On 3 June, in a video posted to Twitter, activist Hibo Wardere urged the broadcaster to cancel the planned broadcast because of a segment that shows a young girl being mutilated.
In the video, Wardere said: "I'm talking to you directly, Sky News, because you're going to show a video of [the] mutilation of a young girl.
"This is going to traumatise us survivors... would you show any other type of child abuse happening?"
The 46-year-old Londoner, who fled Somalia's civil war having survived FGM herself, told BuzzFeed News that the report will feature "extremely depressing" footage for which she said there was "no justification".
Although the film doesn't show the procedure in close-up, Wardere said the girl's face is shown, displaying all her "struggles". She added: "You can see when they take out the blade, and when she takes out the thread to stitch."
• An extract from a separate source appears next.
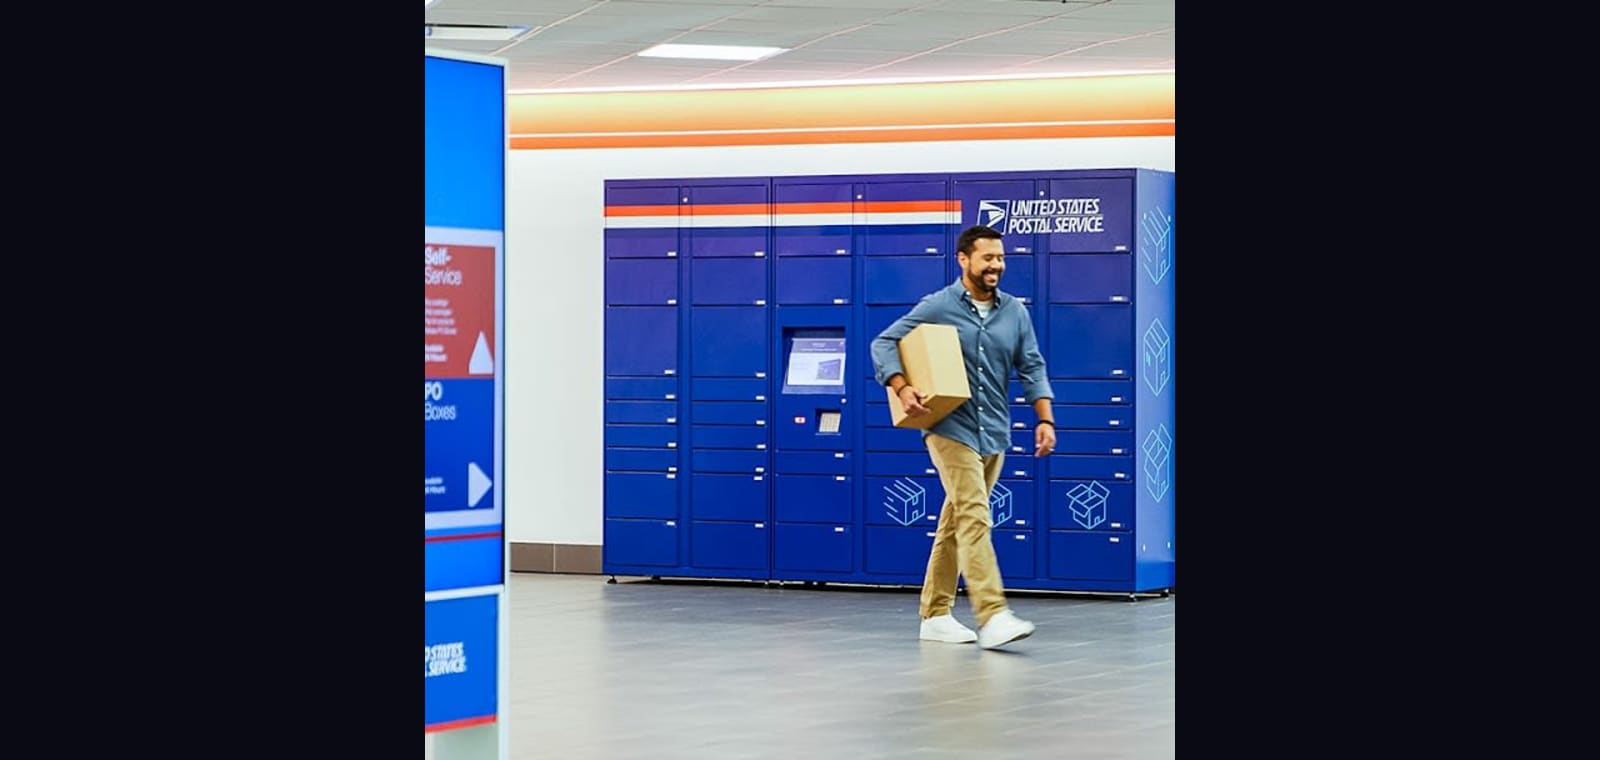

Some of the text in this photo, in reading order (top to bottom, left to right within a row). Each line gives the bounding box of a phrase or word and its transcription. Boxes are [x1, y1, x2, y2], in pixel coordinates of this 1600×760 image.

She said she was particularly outraged because, as a child, the girl featured in the footage could not have given Sky News her own consent to be filmed.
Wardere told BuzzFeed News that members of an organisation called Equality Now, which deals with violence against women, were recently shown a preview of programme. They warned Wardere about it and she said they felt "quite distressed" after watching it.
"What disturbed all the survivors is that they stood by and stuck a camera on [the girl's] face, while she [was] suffering," she explained. "This is cruel beyond belief."
Wardere has herself been interviewed by Sky News regarding her own story, and has also dealt with the fight against FGM in a book. She told BuzzFeed News that in general the "UK is doing well on educating people on FGM".
A spokesperson for Sky News confirmed the film would air: "This week Sky News will broadcast a powerful report from Somalia which sheds new light on the subject of FGM."
Sky said the report would help viewers to understand the issues surrounding FGM and "its social and cultural acceptability in some parts of the world".
"Our award-winning correspondent, Alex Crawford, captures the stark reality of this widespread practice, handling this difficult subject with the sensitivity you would expect from an experienced broadcast journalist," the spokesperson said.
Victoria Sanusi is a reporter for BuzzFeed News and is based in London.